As Calcutta anxiously awaited further news from Kabul, St Petersburg was endeavouring to restore its
amour propre
in Central Asia following the hurried departure of its mission from Afghanistan and the disappointing outcome of its recent war with Turkey. Nor had these been its only disappointments. Kashgar, on which it had long had its\ eye, had suddenly reverted to Chinese rule, together with the rest of Sinkiang. After years of procrastination, the Emperor had finally moved against Yakub Beg, dispatching a large army westwards with orders to recover the lost territories. The force, whose leisurely progress included the planting and harvesting of its own crops, took three years to reach its destination. On hearing of its approach, Yakub Beg hastily assembled a 17,000-strong army and set out eastwards to meet the Chinese. But this time they were more than a match for him. Following the rout of his army, he was forced to flee to Kashgar. There, in May 1877, to the relief of his subjects, he died. Some said it was from a stroke, others from poison. Whatever the truth, by December of that year Kashgar was safely back in the Emperor’s hands, and three powerful empires – those of Britain, Russia and China – now faced one another across the Pamirs. Only Hi and its principal town Kuldja remained in Russian hands.

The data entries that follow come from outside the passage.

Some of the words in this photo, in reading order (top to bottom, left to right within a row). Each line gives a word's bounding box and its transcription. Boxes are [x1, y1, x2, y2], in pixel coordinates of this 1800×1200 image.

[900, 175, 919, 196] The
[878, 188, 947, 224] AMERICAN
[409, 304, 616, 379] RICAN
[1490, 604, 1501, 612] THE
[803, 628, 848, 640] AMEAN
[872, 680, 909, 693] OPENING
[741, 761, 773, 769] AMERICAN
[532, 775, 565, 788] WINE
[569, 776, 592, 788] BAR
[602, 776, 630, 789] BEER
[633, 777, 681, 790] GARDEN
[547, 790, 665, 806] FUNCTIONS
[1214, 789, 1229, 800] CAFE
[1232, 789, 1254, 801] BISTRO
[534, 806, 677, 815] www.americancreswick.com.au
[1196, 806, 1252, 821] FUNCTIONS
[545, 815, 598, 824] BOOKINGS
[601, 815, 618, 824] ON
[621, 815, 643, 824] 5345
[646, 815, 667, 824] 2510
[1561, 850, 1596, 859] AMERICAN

This snatching of Kashgar from their grasp must have been a blow to the Russians, and particularly to Kaufman, the architect of the Tsar’s Central Asian empire. However, worse was to follow. During the recent war with Turkey, Kaufman’s plans for further expansion had been momentarily checked while his energies were directed towards getting ready the invasion force for its march on India. And yet it was quite evident, at least to the hawks in London and Calcutta, that Russian ambitions in Central Asia were still far from satisfied. Significantly, as Burnaby had noticed, their latest staff maps showed no southern frontier to the Tsar’s territories there. Sure enough, when the immediate threat of war with Britain faded, it became apparent that fresh moves were being planned. In the autumn of 1878, a Russian staff officer, Colonel N. L. Grodekov, rode from Tashkent via Samarkand and northern Afghanistan to Herat, carefully surveying the route. In Herat he carried out a thorough examination of the city’s defences, and claimed on his return that its inhabitants were eager for Russian rule. At the same time other Russian military explorers were busy surveying the Karakum desert and the Pamirs, while further east Colonel Nikolai Prejevalsky, accompanied by a Cossack escort, was endeavouring to reach Lhasa, the Tibetan capital, from the north.

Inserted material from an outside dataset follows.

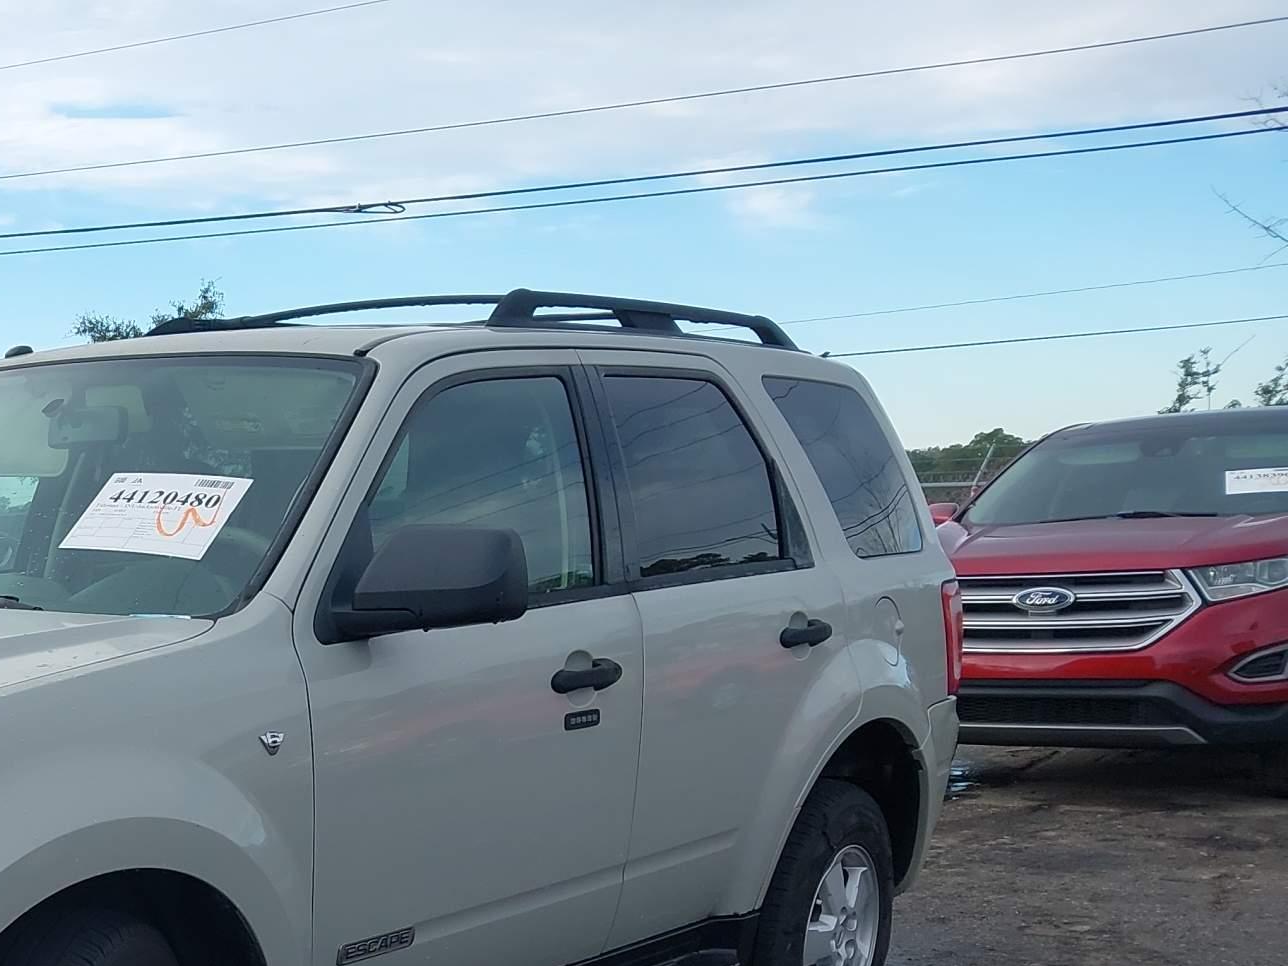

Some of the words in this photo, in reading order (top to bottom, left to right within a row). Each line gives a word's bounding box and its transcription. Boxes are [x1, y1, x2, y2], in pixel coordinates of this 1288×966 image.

[109, 489, 221, 508] 44120480
[1026, 591, 1059, 604] Ford
[343, 929, 411, 960] ESCAPE

These renewed Russian activities were hardly calculated to add to the peace of mind of those responsible for the defence of India. Then, on September 9, 1879, St Petersburg made its first forward move in Central Asia since the annexation of Khokand four years earlier. This time the Russians struck against the great Turcoman stronghold of Geok-Tepe, on the southern edge of the Karakum desert, roughly half-way between the Caspian Sea and Merv. Their aim was to conquer this wild and lawless region, thereby stabilising their southern flank from Krasnovodsk to Merv, and eventually to construct a railway through it linking up with Bokhara, Samarkand and Tashkent. Used to fighting rabble armies of ill-led and untrained tribesmen, the Russians had not reckoned on the warlike qualities of the Turcomans. At first the Russians looked set to bombard the huge, mud-built fortress into submission with their artillery. But then, impatient for victory, they called off the guns and attempted to storm it with their infantry. The Turcomans, fighting for their lives, flung themselves on the Russians, whom they greatly outnumbered, forcing them to flee. Only with difficulty were the pursuing Turcomans beaten off, and the Russians able to retreat back across the desert towards Krasnovodsk. It was the worst defeat they had suffered in Central Asia since the ill-fated Khivan expedition of 1717. It also represented a shattering blow to Russian military prestige, and the general who had commanded the force was brought back to St Petersburg in disgrace. However, the bad news that month was not confined to the Russians, for four days earlier the British had received tidings every bit as alarming.